Repasando la lista de asignaturas que ocuparían mi tiempo durante los siguientes cuatro años, me sentí algo decepcionado. Muchas de las materias incluidas no me servían de nada; mientras que las que sí me hubieran servido, como Electromagnetismo o Física del Plasma, no lo estaban. Empecé a pensar que me había matriculado en la carrera equivocada, a dudar si en lugar de Ciencias Atmosféricas habría tenido que escoger Ciencias Físicas.

A partir de entonces me pasaba el día en la biblioteca, dedicando la mayor parte del tiempo a las matemáticas, el electromagnetismo y a física del plasma. Solo asistía a las clases relacionadas con esos temas, ignorando la mayor parte del resto.

En lo referente a aquellos aspectos más mundanos y excitantes también propios de la vida universitaria, no solo siempre me eludieron, sino que yo carecía del interés necesario para haber participado de ellos. Lo único que de vez en cuando me recordaba la existencia de aquella otra vertiente de la vida era si, al volver a mi cuarto de la residencia de estudiantes a la una o a las dos de la madrugada, oía a alguien murmurar en sueños el nombre de su novia al otro lado de la pared.

Una noche, pasada la madrugada, levanté la vista del grueso tomo sobre ecuaciones diferenciales parciales que estaba leyendo y descubrí que, aunque había supuesto que a esa hora iba a ser el único estudiante en la sala de lectura como de costumbre, no estaba solo. Sentada a la mesa directamente enfrente de la mía vi a Dai Lin, la chica más guapa de mi clase. No tenía ningún libro delante y se dedicaba a observarme con la cabeza apoyada sobre las manos. Su expresión era muy distinta a la que le había granjeado su enorme séquito de admiradores: me miraba como quien ha descubierto a un espía en un campamento militar, como quien observa un raro espécimen. Yo no tenía ni idea de cuánto tiempo debía de llevar con la vista clavada en mí de aquella manera.
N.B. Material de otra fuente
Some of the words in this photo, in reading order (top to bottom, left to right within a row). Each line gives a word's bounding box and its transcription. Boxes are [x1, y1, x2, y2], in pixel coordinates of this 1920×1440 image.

—No eres como los demás —dijo—. Me he estado fijando y no pareces un empollón al uso, sino que te mueve una fuerte motivación.

—Ah, ¿sí? Bueno, todo el mundo tiene sus objetivos en la vida, ¿no? —respondí, sin demasiado interés. Debía de ser el único chico en toda la clase que hasta la fecha nunca le había dirigido la palabra.
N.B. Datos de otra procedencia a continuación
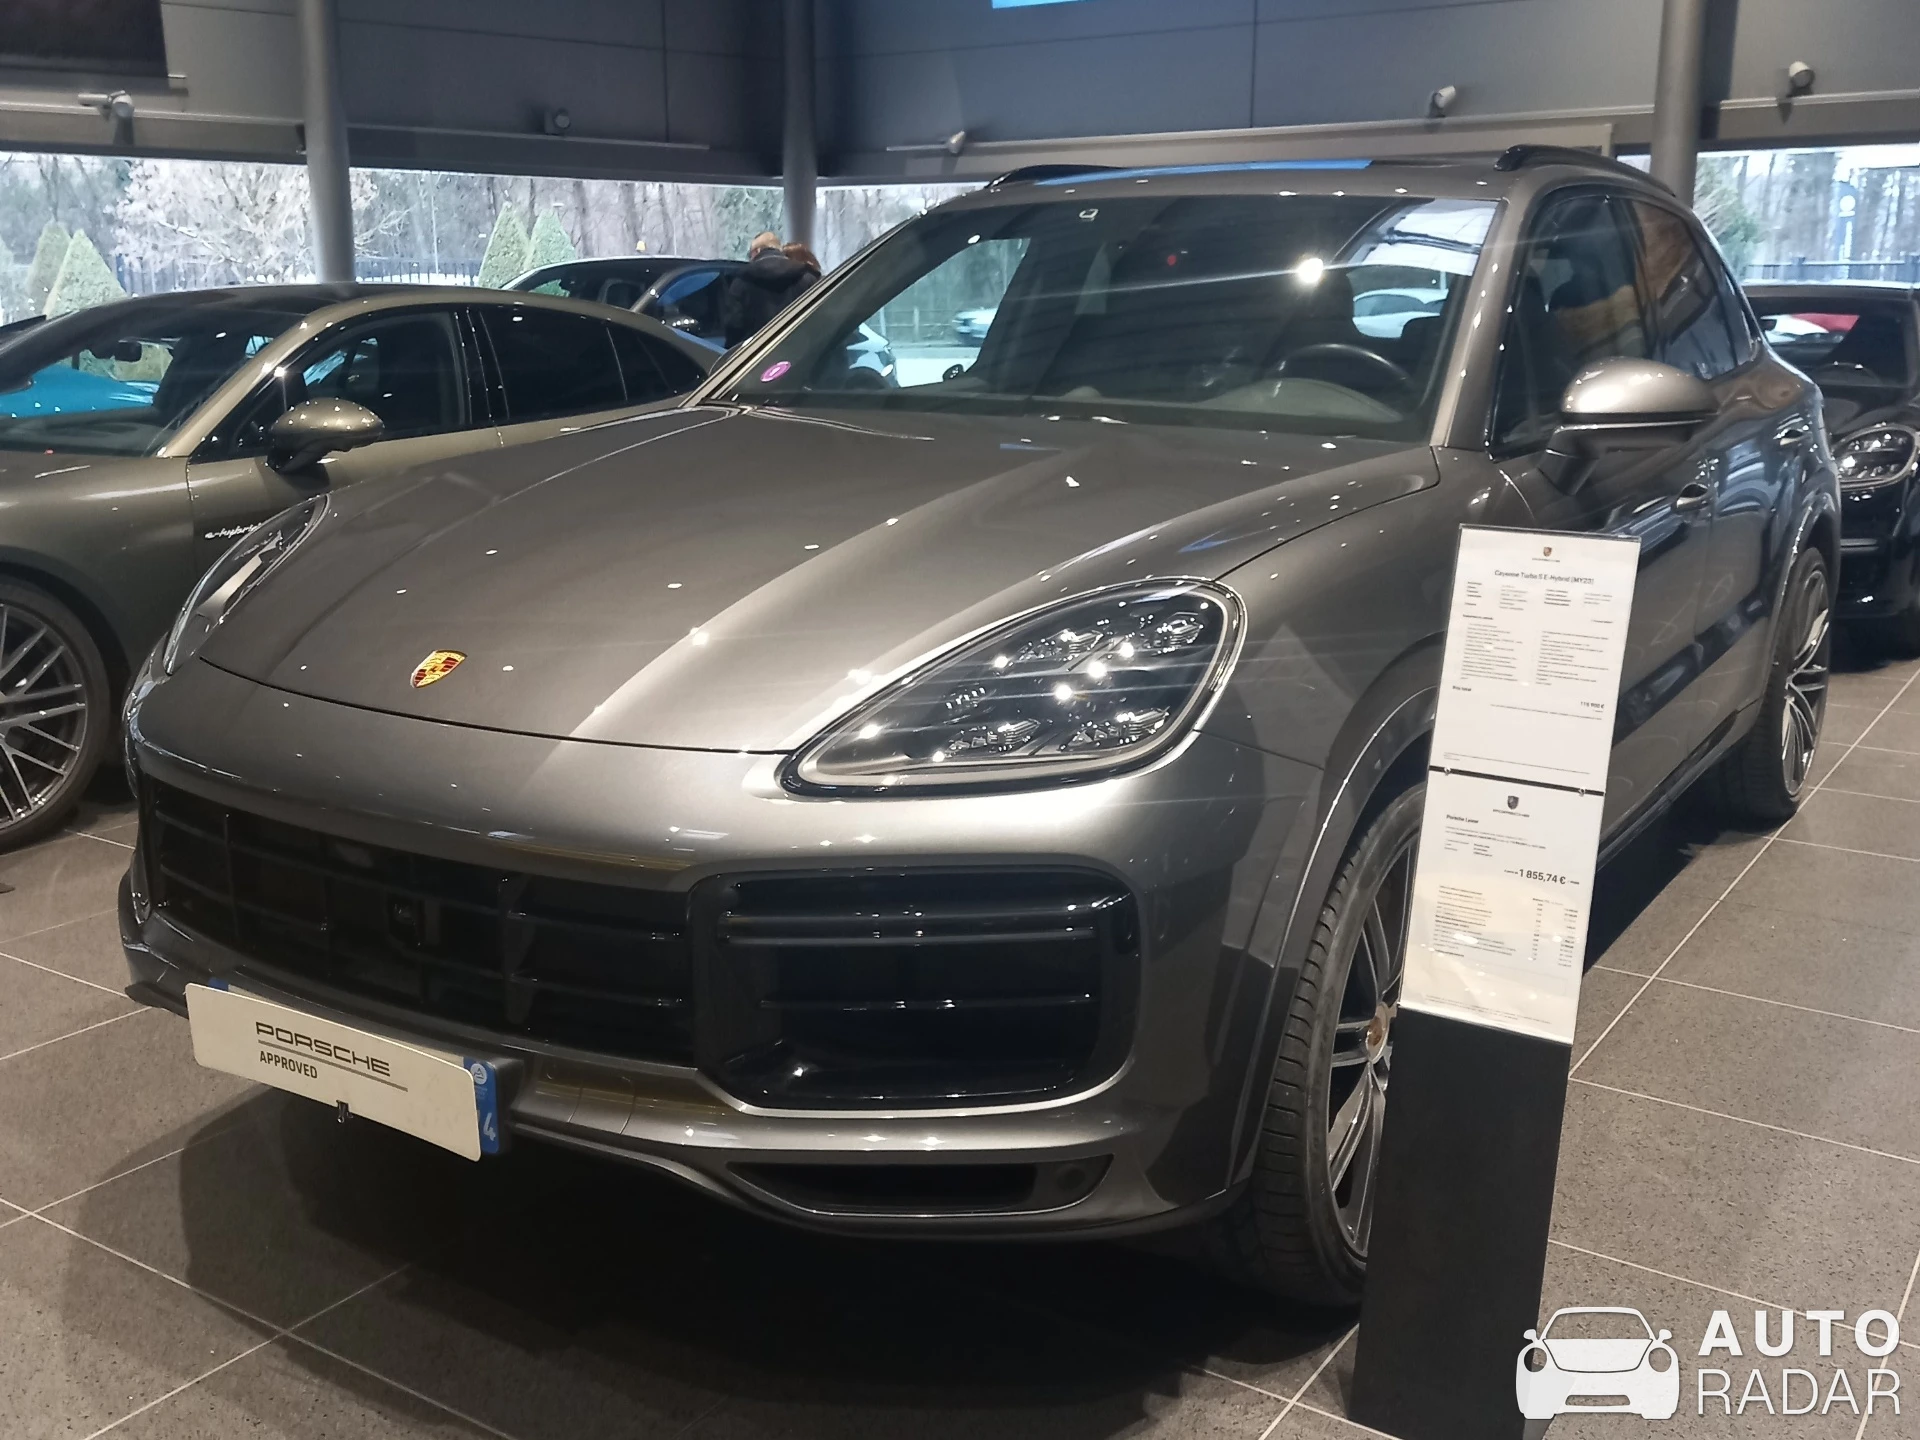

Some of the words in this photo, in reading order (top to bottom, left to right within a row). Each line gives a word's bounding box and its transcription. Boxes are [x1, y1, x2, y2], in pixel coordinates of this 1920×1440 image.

[1521, 572, 1538, 580] Turbo
[1519, 868, 1524, 877] 1
[1526, 870, 1558, 883] 855,74
[1559, 876, 1566, 885] €
[256, 1021, 391, 1077] PORSCHE
[260, 1051, 318, 1079] APPROVED
—Pero son objetivos muy vagos. A ti, en cambio, se te nota que andas detrás de algo muy específico.

—No se te escapa una —zanjé, cortante, recogiendo los libros y levantándome de la silla. Ser el único que carecía de interés en lucirse ante ella me otorgaba cierto sentido de superioridad.

Cuando alcancé la puerta, ella me gritó:

—¿Qué es lo que andas buscando?

—No te interesaría...

Me fui sin mirar atrás.

Era una fría noche otoñal. Cuando elevé la vista para mirar el cielo estrellado el viento pareció traer hasta mí la voz de mi difunto padre: «La clave para llevar una vida maravillosa está en sentir fascinación por algo».

Al fin comprendía cuánta razón había tenido. Yo era un misil en aceleración sin otro deseo en la vida que alcanzar mi objetivo y explotar. Un deseo carente de finalidad práctica pero que una vez cumplido daría sentido a mi existencia. Las razones se me escapaban, yo me dejaba llevar por mi ímpetu y ya está, lo cual era algo muy propio de la naturaleza humana. Extrañamente, hasta el momento no había buscado ningún material directamente relacionado con ello. A mi modo de ver, yo y el objeto de mi obsesión éramos dos caballeros preparando a conciencia nuestro duelo a muerte; antes de estar totalmente preparados carecía de sentido ir en su busca y ni tan siquiera pensar en él.

Tres semestres se sucedieron en un abrir y cerrar de ojos. Para mí aquel tiempo pasó como un único período ininterrumpido, pues no tenía familia a la que visitar y siempre pasaba las vacaciones en el campus. A pesar de vivir solo en una habitación espaciosa, no me sentía aquejado de soledad. En una única ocasión, con motivo de la víspera del Año Nuevo chino, al oír los petardos de la celebración al otro lado de la ventana, me puse a pensar en la vida que había tenido antes del incidente. Sin embargo, la sensación que tuve fue la misma que si se hubiera tratado de algo ocurrido varias generaciones atrás. Después de irme a dormir, como de noche apagaban la calefacción del edificio, el frío acució la intensidad de mis sueños, pero, aunque yo había supuesto que iba a ver a mis padres en ellos, no fue así.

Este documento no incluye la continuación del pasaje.